Before a single message can be sent the source sends a connection request message, the destination replies with an accept/deny message to the source, and then the real message transfer begins. Following the source's message a connection disconnect message is sent. These 3 messages are $H$ bits long and occur so that the destination must receive the entire message before the next one is sent out.
First I simplify the problem by only considering the connection between 1 source and 1 destination node. For 1 message that is $H$ bits long the time taken to transmit the entire message should be $H$ bits * $\tau$ seconds. So, to transmit 3 messages across k nodes I have a total time of $3k(H*\tau)$seconds. From here I'm not sure how to calculate the throughput and get lost with the unit cancelation to get to bits/sec.
Any ideas on how to manipulate the problem to get a throughput in bits/sec?

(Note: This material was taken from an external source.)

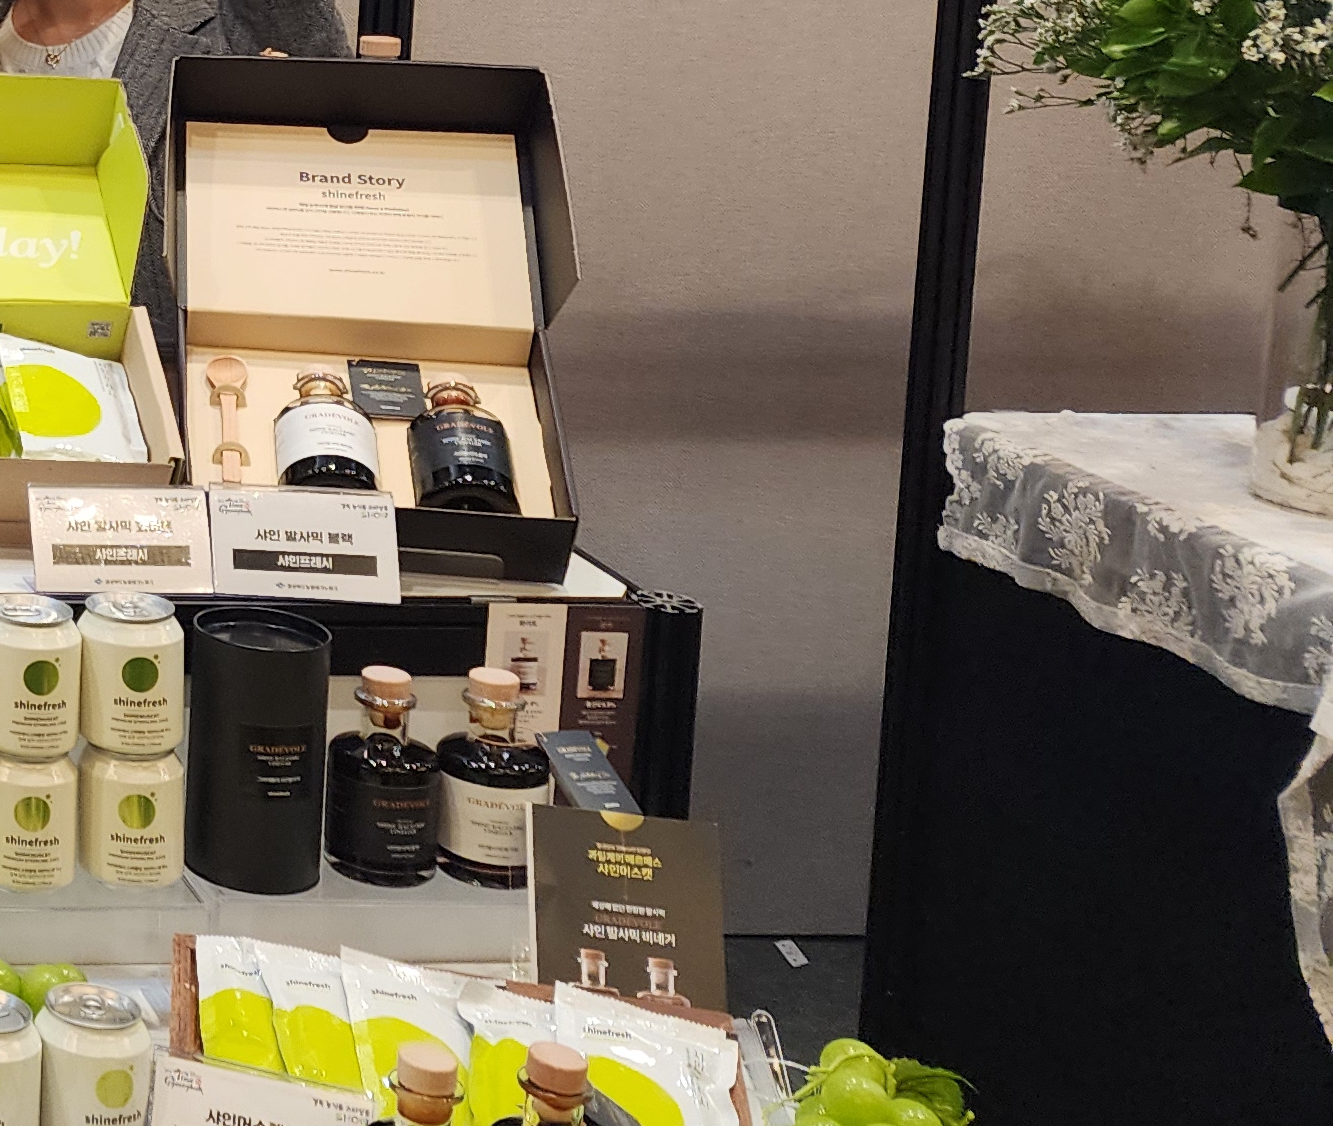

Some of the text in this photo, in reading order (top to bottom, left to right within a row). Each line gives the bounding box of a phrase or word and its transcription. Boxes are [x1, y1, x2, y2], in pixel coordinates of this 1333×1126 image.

EDIT: Problem explanation.
In steady state after handshaking, a message of maximum segment size ($MSS$) can be sent to the destination by time
$$\text{propagation delay} + \text{transmission delay} = k\tau + k\frac{MSS}{W}$$
The return acknowledgement has a delay of
$$\text{propagation delay} + \text{transmission delay} = k\tau + k\frac{H}{W}$$
The sum of these two gives the whole round trip time. And the actual message length sent without header should be $MSS-H$, which gives throughput
$$\text{throughput} = \frac{MSS-H}{2k\tau+k\frac{MSS+H}{W}}$$
Of course there are quite a lot of assumptions and simplifications here.